La langue sumérienne était parlée dans le sud de la Mésopotamie avant le deuxième millénaire avant notre ère et ce fut la première langue à être écrite en caractères cunéiformes. Il s'agit d'une langue isolée, c'est-à-dire que nous ne connaissons aucune autre langue qui lui soit apparentée de manière ancestrale. Bien que certaines théories indiquent que le sumérien ferait partie des langues ouraliennes, comme le hongrois et le finnois, ou d'autres familles de langues, il s'agit d'une opinion minoritaire qui ne repose pas sur des preuves suffisantes pour l'affirmer avec certitude. La langue était parlée dans une région où l'on parlait également des langues sémitiques, en particulier l'akkadien, et elle finit par tomber en désuétude au profit de ces langues au tournant du deuxième millénaire avant notre ère. Cependant, une forme littéraire de la langue continua à être écrite pendant 2000 ans, et elle eut également des influences notables sur d'autres langues de la région en ce qui concerne leur lexique, leur grammaire et leur écriture.

Développement Historique de la Langue

On sait peu de choses sur la date d'arrivée des personnes parlant le sumérien dans le sud de la Mésopotamie, à supposer qu'elles n'en aent pas été originaires. Quoi qu'il en soit, le sud de la Mésopotamie connut très tôt un environnement multilingue comprenant des langues telles que le sumérien, une forme primitive de l'akkadien, d'autres langues sémitiques et le hourrite.

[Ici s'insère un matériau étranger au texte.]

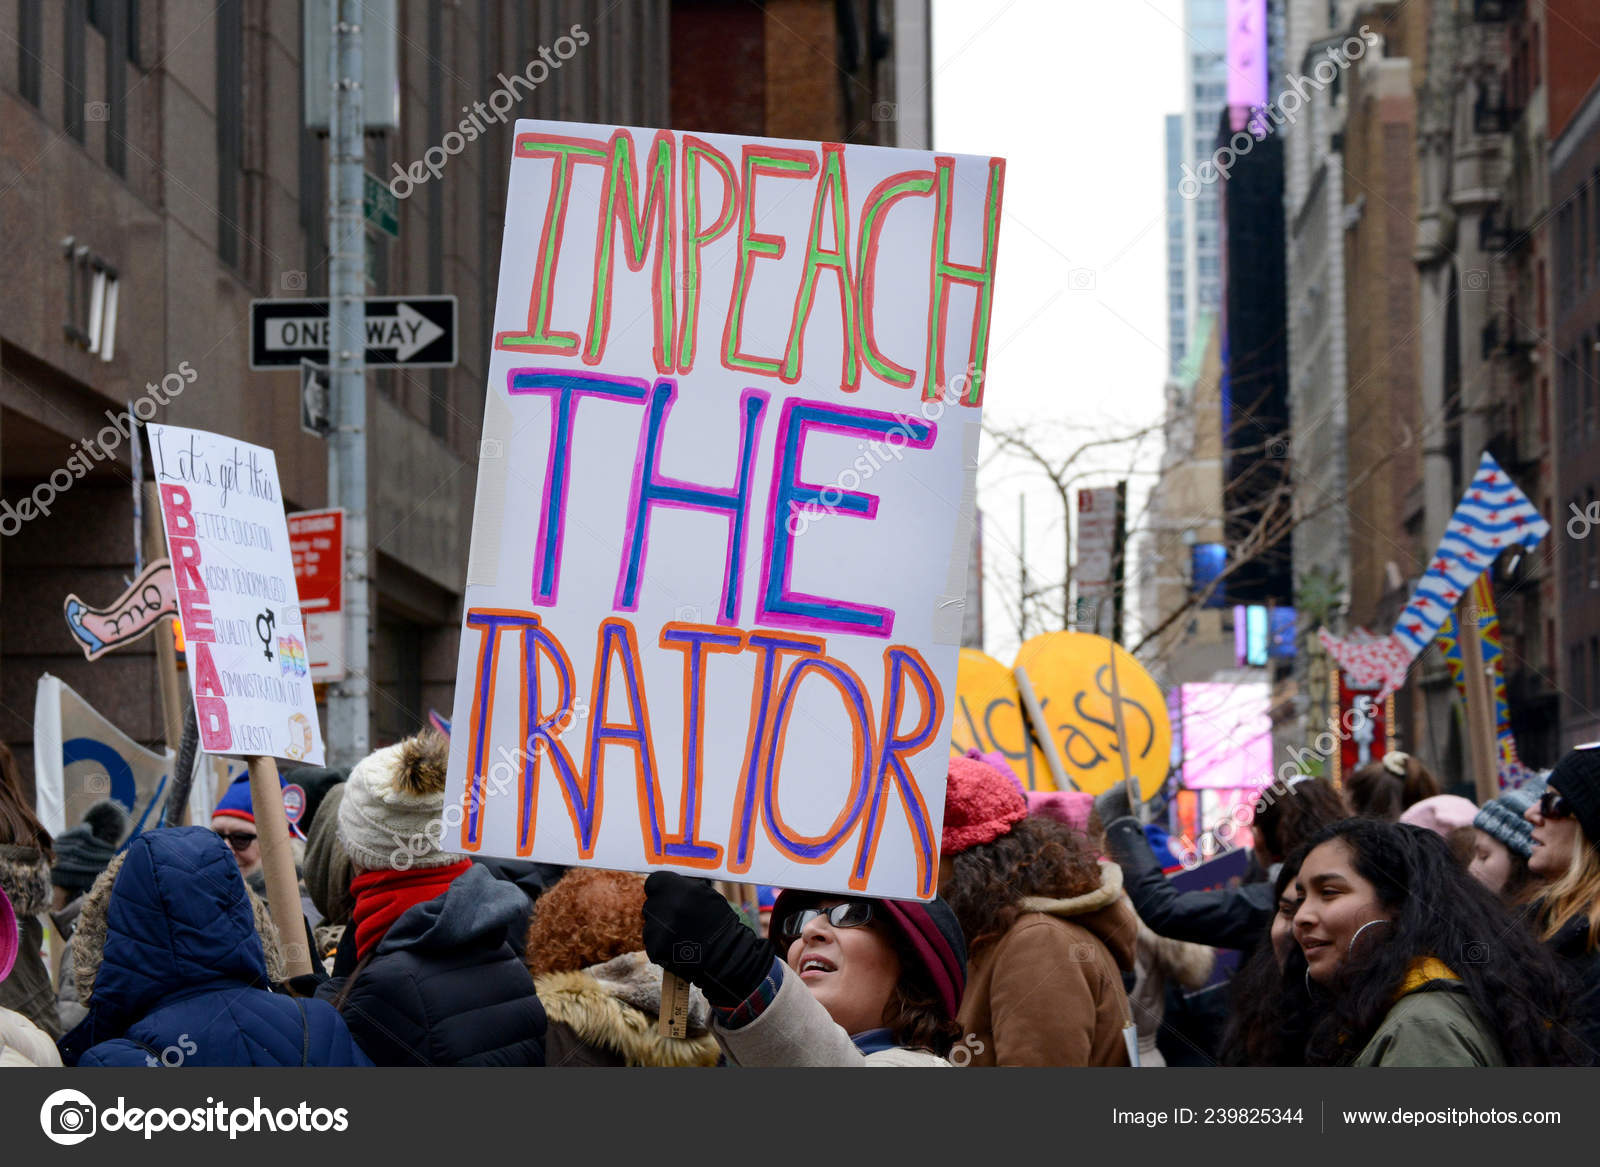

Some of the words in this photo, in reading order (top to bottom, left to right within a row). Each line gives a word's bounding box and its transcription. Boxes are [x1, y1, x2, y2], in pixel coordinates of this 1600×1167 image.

Certains chercheurs ont évoqué la possibilité d'un substrat inconnu ou d'une langue influente dans la région, en raison de la présence de mots d'origine inconnue dans les écrits sumériens. Il a cependant été démontré que ces mots provenaient d'autres langues connues, qu'ils étaient des composés du sumérien ou des mots communs à de nombreuses langues dont l'origine n'est pas claire.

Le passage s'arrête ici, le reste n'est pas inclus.